Open mabau opened this issue 8 years ago • 1 comments

Hi,

First, thanks for writing this library! It's a very convenient way to do GPU programming.

I found the following unexpected behaviour when debugging one of my programs that uses numpy arrays in different orders:

import pycuda.autoinit
from pycuda.gpuarray import to_gpu
import numpy as np


# Creating a GPU array in fortran layou
cpu_arr_f = np.zeros([3,4], order='F')
gpu_arr = to_gpu(cpu_arr_f)

# Copying an array in C layout to and from GPU changes it
# pycuda apparently assumes that CPU array has same strides as GPU array without checking it
cpu_arr_c = np.zeros([3,4], order='C')
cpu_arr_c[0,:] = 1

gpu_arr.set(cpu_arr_c)
assert(np.allclose(gpu_arr.get(), cpu_arr_c))

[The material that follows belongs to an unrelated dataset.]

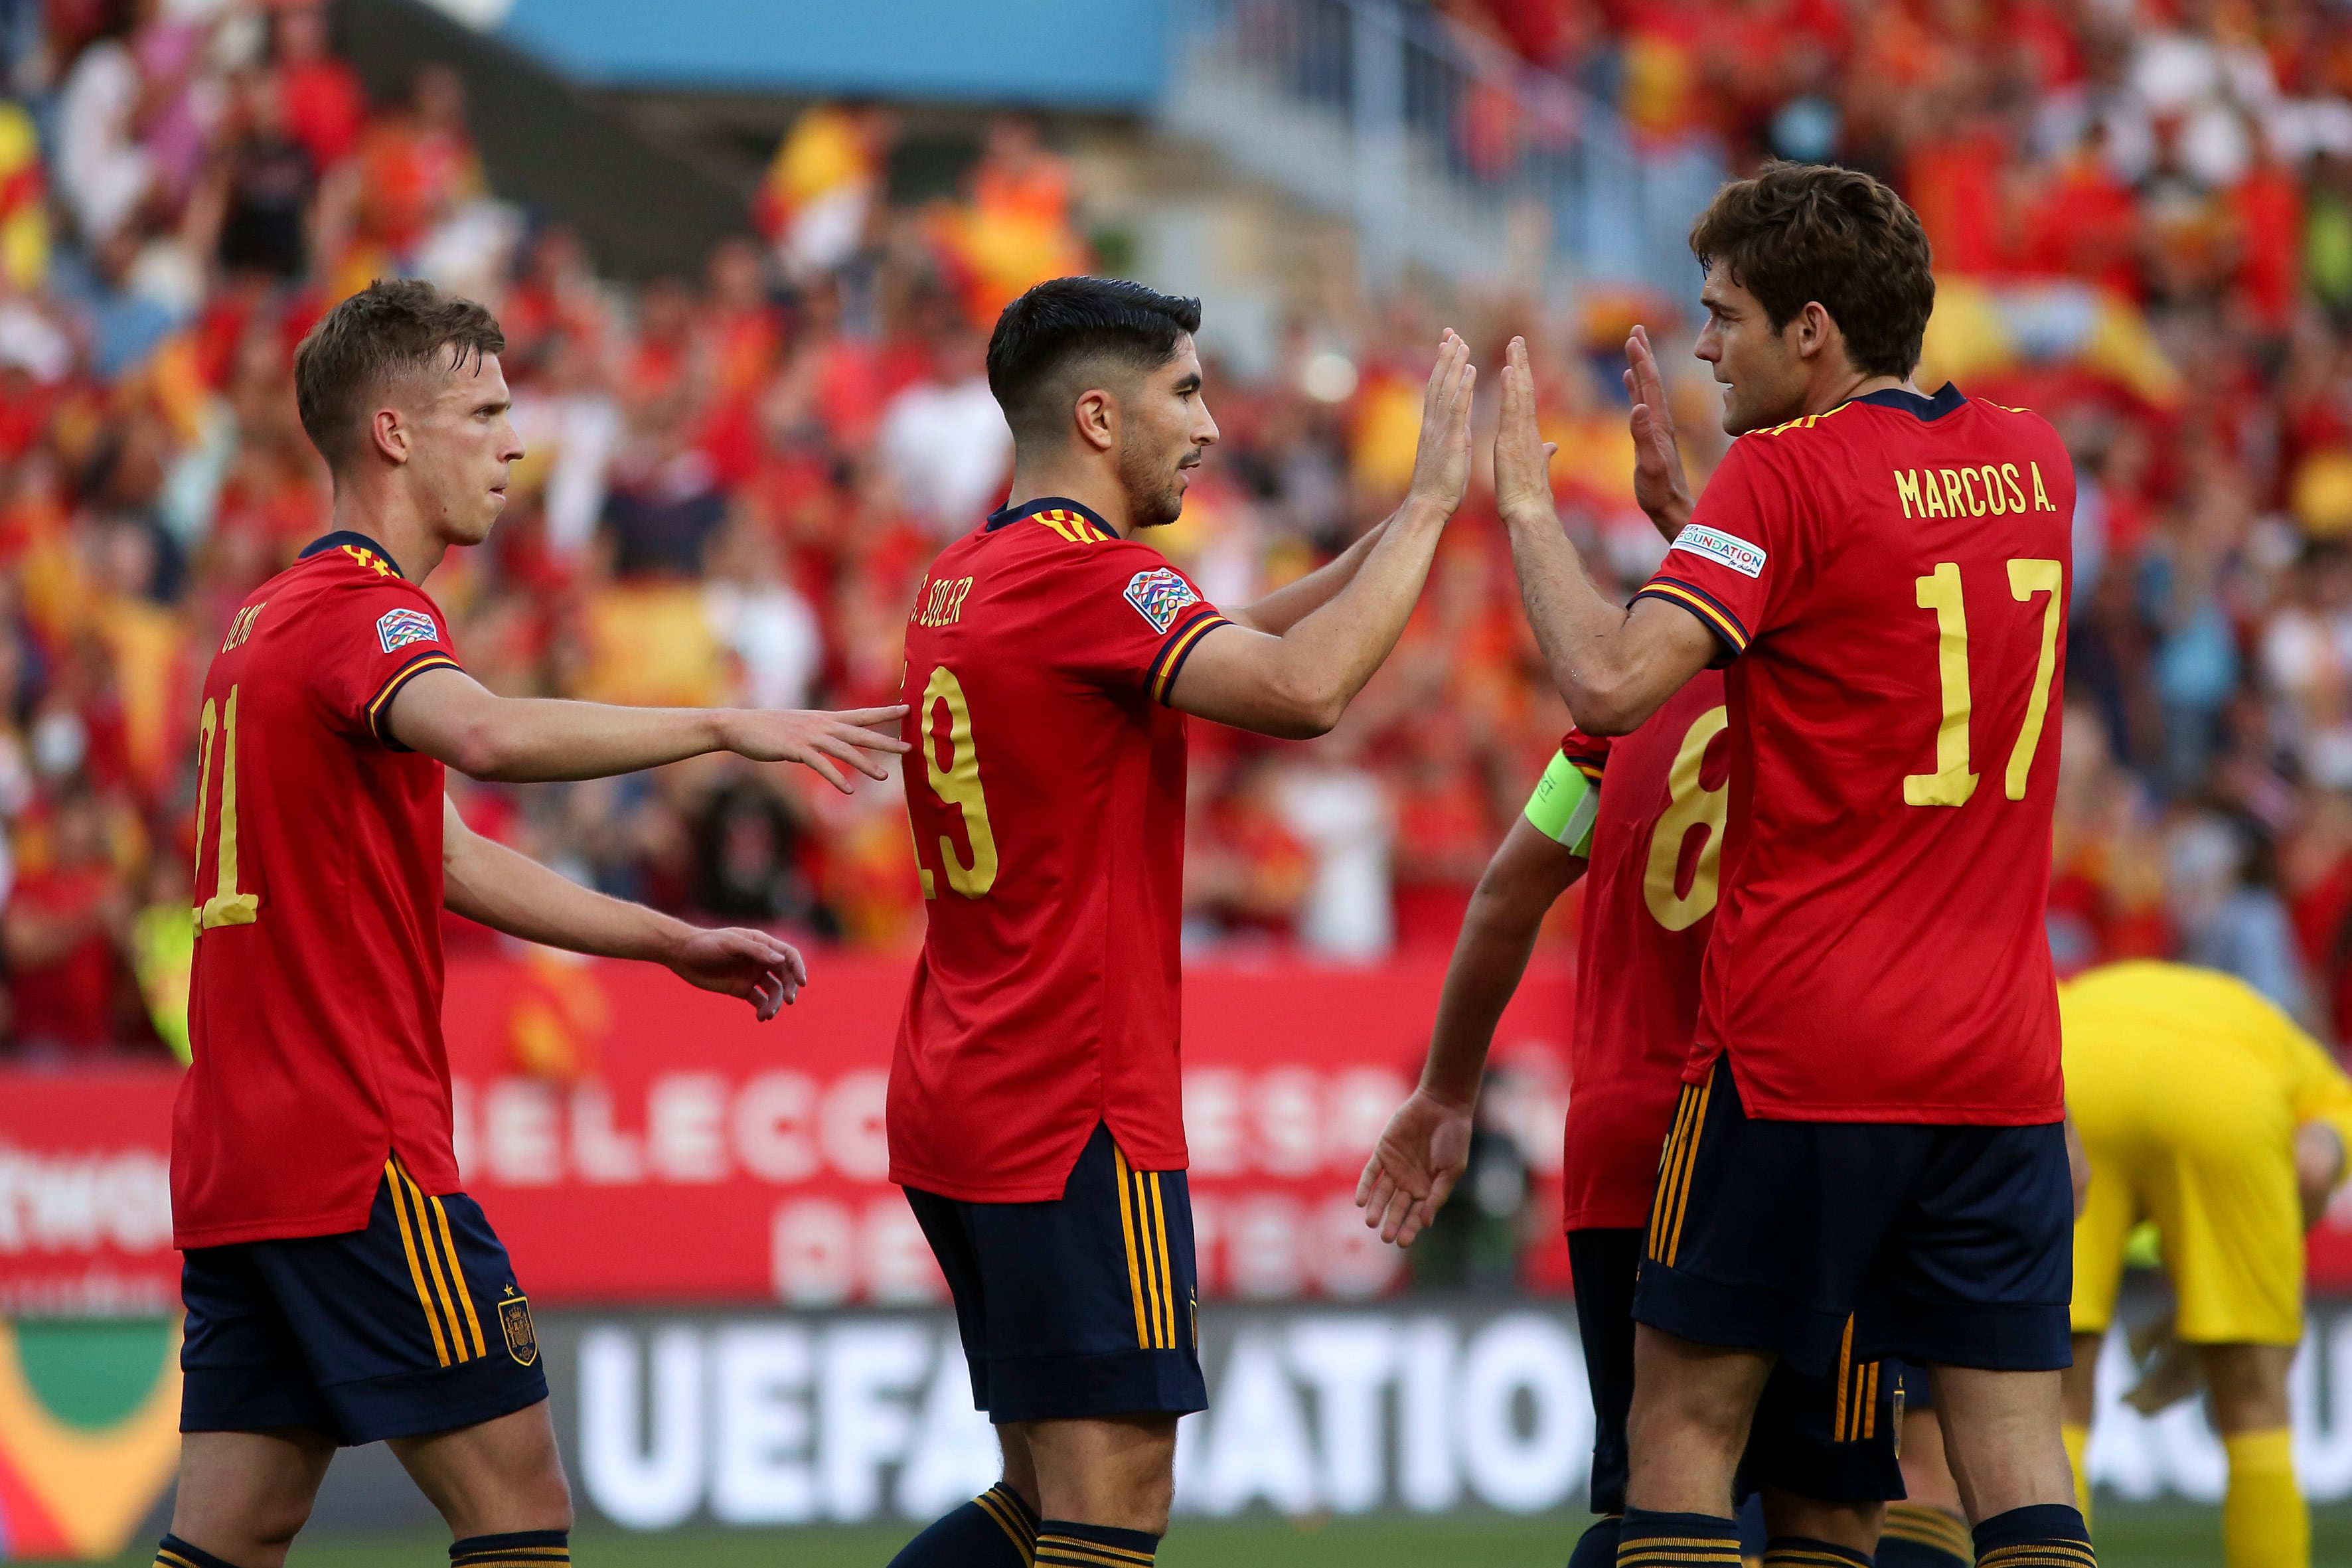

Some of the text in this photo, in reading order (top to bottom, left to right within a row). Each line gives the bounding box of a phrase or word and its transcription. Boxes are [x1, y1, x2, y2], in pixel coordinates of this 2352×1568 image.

The last assert fails since pycuda apparently assumes that the strides of the source and destination arrays match. Is this the intended behaviour? If yes, I think a warning or a documentation note might be helpful in this case.

mabau avatar May 30 '17 10:05 mabau

Good catch! Thanks for reporting that. I'd be happy to take a PR that adds that check.

inducer avatar May 30 '17 12:05 inducer